While Sir Anderson has his own baggage around failures to disclose business associations, he is widely respected for his expertise. He is a is a leading British expert on epidemiology, and also currently chairs the science advisory board of WHO's Neglected Tropical Diseases program, is a member of the Bill and Melinda Gates Grand Challenges advisory board, and chairs the Schistosomiasis Control Initiative advisory board (SCI) funded by the Gates Foundation. He is a non-executive director of GlaxoSmithKline.
Dr. Sally Blower, on the other hand, has a history of lying, fabricating and then publicly having to apologize in addition to criticisms by scientists and colleagues who question the veracity of her claims and feasibility of her models. Dr. Blower deliberately eliminated the cautions and qualifiers inserted by UCSF in order to sensationalize the findings of her study. [...]
Dr. Blower further used the media opportunity to cast doubt on current HIV prevention strategies, particularly the “test and treat’’ approach being advocated by the World Health Organization, which aims to reduce high quantities of the virus being generated in an infected person to low enough levels that little to no HIV is passed along to a partner.

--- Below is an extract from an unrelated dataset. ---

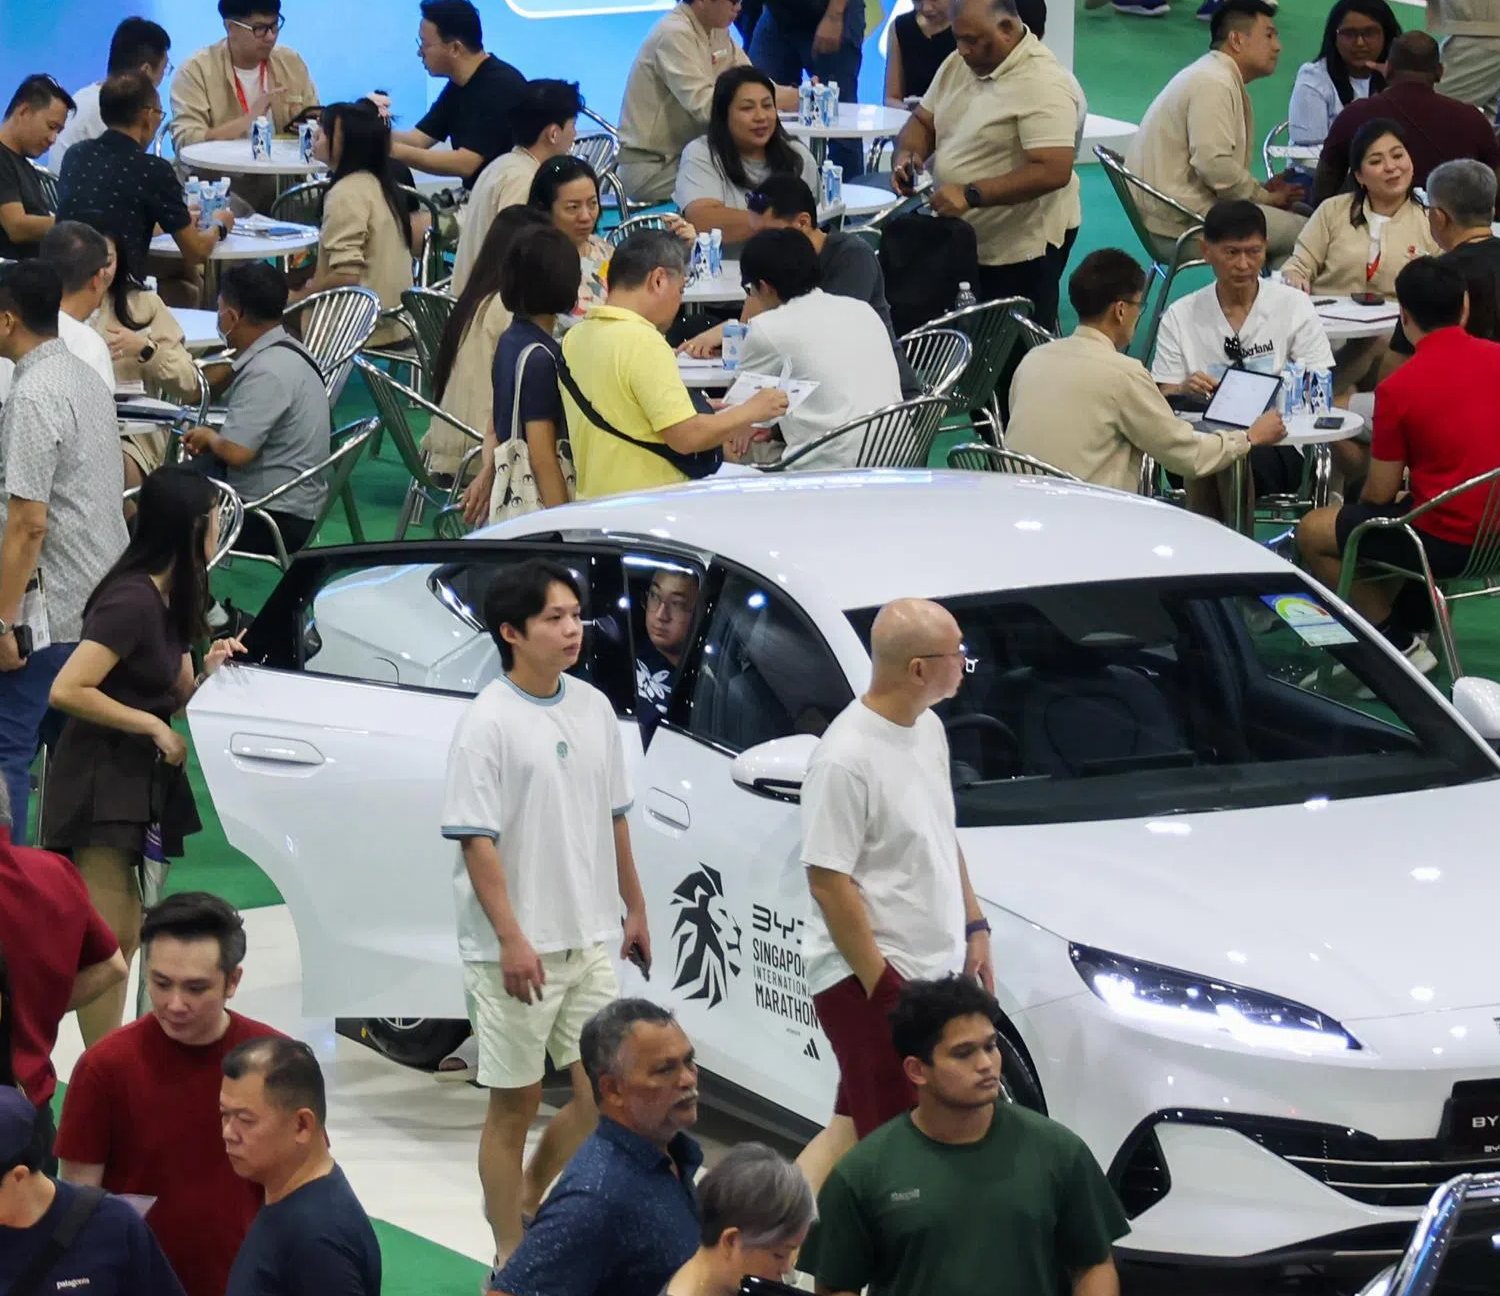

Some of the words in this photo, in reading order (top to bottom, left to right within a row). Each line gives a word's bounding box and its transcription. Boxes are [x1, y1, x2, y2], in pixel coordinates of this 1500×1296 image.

These actions are dangerous and deadly and impact the lives of other people. [...]
Originally I had called for an explanation, which I later changed to a demand for an apology or a retraction. In light of these new revelations and Dr. Blower’s deliberate and calculated attempt to give more credence to her findings by removing qualifiers, ignoring legitimate concerns raised by UCSF and her willingness to demonize a community in the process is reprehensible and represents a black eye to UCLA’s credibility.
UCLA needs to qualify why they continue to support Dr. Blower, or Dr. Blower should resign.